Task goal – The entries that follow are to be duplicated in full, character for character.

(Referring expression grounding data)

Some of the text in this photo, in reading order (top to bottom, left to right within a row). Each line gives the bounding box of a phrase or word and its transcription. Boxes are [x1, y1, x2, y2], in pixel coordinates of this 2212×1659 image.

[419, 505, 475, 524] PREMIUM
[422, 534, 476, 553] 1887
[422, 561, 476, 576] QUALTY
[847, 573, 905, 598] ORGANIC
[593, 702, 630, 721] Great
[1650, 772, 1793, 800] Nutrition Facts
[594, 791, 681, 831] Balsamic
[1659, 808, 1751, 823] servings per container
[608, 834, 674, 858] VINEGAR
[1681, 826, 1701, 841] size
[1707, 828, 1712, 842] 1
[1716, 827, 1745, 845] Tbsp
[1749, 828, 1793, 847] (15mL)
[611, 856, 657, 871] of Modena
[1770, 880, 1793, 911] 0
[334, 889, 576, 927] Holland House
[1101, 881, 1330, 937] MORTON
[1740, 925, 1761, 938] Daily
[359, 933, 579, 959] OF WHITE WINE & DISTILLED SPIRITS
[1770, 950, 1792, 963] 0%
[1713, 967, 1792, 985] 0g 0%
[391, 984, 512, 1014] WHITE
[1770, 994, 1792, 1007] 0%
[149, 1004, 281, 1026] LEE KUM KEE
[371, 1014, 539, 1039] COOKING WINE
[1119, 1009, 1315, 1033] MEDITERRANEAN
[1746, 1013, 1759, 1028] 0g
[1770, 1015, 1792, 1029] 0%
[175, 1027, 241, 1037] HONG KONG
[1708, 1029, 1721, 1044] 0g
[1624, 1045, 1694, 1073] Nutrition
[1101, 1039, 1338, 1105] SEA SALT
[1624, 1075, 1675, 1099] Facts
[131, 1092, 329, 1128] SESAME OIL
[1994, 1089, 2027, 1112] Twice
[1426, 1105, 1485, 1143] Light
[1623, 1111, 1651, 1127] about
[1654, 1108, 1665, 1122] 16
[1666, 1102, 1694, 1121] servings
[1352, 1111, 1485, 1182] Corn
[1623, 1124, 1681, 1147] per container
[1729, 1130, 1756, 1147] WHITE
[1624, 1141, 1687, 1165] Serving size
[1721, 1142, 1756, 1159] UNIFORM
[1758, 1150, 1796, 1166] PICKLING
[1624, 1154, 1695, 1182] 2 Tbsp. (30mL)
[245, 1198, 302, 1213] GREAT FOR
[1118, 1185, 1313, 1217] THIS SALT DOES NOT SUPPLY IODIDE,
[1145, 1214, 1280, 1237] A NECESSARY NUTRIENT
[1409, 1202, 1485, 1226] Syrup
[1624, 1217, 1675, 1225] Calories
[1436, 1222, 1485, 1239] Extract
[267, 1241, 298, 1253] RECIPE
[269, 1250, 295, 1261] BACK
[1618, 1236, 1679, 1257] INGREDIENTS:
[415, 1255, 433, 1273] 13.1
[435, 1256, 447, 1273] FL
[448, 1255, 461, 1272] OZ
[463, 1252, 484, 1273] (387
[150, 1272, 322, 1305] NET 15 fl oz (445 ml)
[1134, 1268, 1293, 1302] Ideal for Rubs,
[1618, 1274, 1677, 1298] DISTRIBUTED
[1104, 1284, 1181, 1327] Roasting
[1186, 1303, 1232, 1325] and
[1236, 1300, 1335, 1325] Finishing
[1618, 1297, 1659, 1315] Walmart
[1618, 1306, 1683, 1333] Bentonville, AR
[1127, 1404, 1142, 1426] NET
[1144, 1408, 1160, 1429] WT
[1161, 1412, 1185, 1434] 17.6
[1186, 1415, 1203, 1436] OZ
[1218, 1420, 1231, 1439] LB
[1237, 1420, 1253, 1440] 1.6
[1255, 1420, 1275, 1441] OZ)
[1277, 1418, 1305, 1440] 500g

Answer to this exercise –
Some of the text in this photo, in reading order (top to bottom, left to right within a row). Each line gives the bounding box of a phrase or word and its transcription. Boxes are [x1, y1, x2, y2], in pixel coordinates of this 2212×1659 image.

[419, 505, 475, 524] PREMIUM
[422, 534, 476, 553] 1887
[422, 561, 476, 576] QUALTY
[847, 573, 905, 598] ORGANIC
[593, 702, 630, 721] Great
[1650, 772, 1793, 800] Nutrition Facts
[594, 791, 681, 831] Balsamic
[1659, 808, 1751, 823] servings per container
[608, 834, 674, 858] VINEGAR
[1681, 826, 1701, 841] size
[1707, 828, 1712, 842] 1
[1716, 827, 1745, 845] Tbsp
[1749, 828, 1793, 847] (15mL)
[611, 856, 657, 871] of Modena
[1770, 880, 1793, 911] 0
[334, 889, 576, 927] Holland House
[1101, 881, 1330, 937] MORTON
[1740, 925, 1761, 938] Daily
[359, 933, 579, 959] OF WHITE WINE & DISTILLED SPIRITS
[1770, 950, 1792, 963] 0%
[1713, 967, 1792, 985] 0g 0%
[391, 984, 512, 1014] WHITE
[1770, 994, 1792, 1007] 0%
[149, 1004, 281, 1026] LEE KUM KEE
[371, 1014, 539, 1039] COOKING WINE
[1119, 1009, 1315, 1033] MEDITERRANEAN
[1746, 1013, 1759, 1028] 0g
[1770, 1015, 1792, 1029] 0%
[175, 1027, 241, 1037] HONG KONG
[1708, 1029, 1721, 1044] 0g
[1624, 1045, 1694, 1073] Nutrition
[1101, 1039, 1338, 1105] SEA SALT
[1624, 1075, 1675, 1099] Facts
[131, 1092, 329, 1128] SESAME OIL
[1994, 1089, 2027, 1112] Twice
[1426, 1105, 1485, 1143] Light
[1623, 1111, 1651, 1127] about
[1654, 1108, 1665, 1122] 16
[1666, 1102, 1694, 1121] servings
[1352, 1111, 1485, 1182] Corn
[1623, 1124, 1681, 1147] per container
[1729, 1130, 1756, 1147] WHITE
[1624, 1141, 1687, 1165] Serving size
[1721, 1142, 1756, 1159] UNIFORM
[1758, 1150, 1796, 1166] PICKLING
[1624, 1154, 1695, 1182] 2 Tbsp. (30mL)
[245, 1198, 302, 1213] GREAT FOR
[1118, 1185, 1313, 1217] THIS SALT DOES NOT SUPPLY IODIDE,
[1145, 1214, 1280, 1237] A NECESSARY NUTRIENT
[1409, 1202, 1485, 1226] Syrup
[1624, 1217, 1675, 1225] Calories
[1436, 1222, 1485, 1239] Extract
[267, 1241, 298, 1253] RECIPE
[269, 1250, 295, 1261] BACK
[1618, 1236, 1679, 1257] INGREDIENTS:
[415, 1255, 433, 1273] 13.1
[435, 1256, 447, 1273] FL
[448, 1255, 461, 1272] OZ
[463, 1252, 484, 1273] (387
[150, 1272, 322, 1305] NET 15 fl oz (445 ml)
[1134, 1268, 1293, 1302] Ideal for Rubs,
[1618, 1274, 1677, 1298] DISTRIBUTED
[1104, 1284, 1181, 1327] Roasting
[1186, 1303, 1232, 1325] and
[1236, 1300, 1335, 1325] Finishing
[1618, 1297, 1659, 1315] Walmart
[1618, 1306, 1683, 1333] Bentonville, AR
[1127, 1404, 1142, 1426] NET
[1144, 1408, 1160, 1429] WT
[1161, 1412, 1185, 1434] 17.6
[1186, 1415, 1203, 1436] OZ
[1218, 1420, 1231, 1439] LB
[1237, 1420, 1253, 1440] 1.6
[1255, 1420, 1275, 1441] OZ)
[1277, 1418, 1305, 1440] 500g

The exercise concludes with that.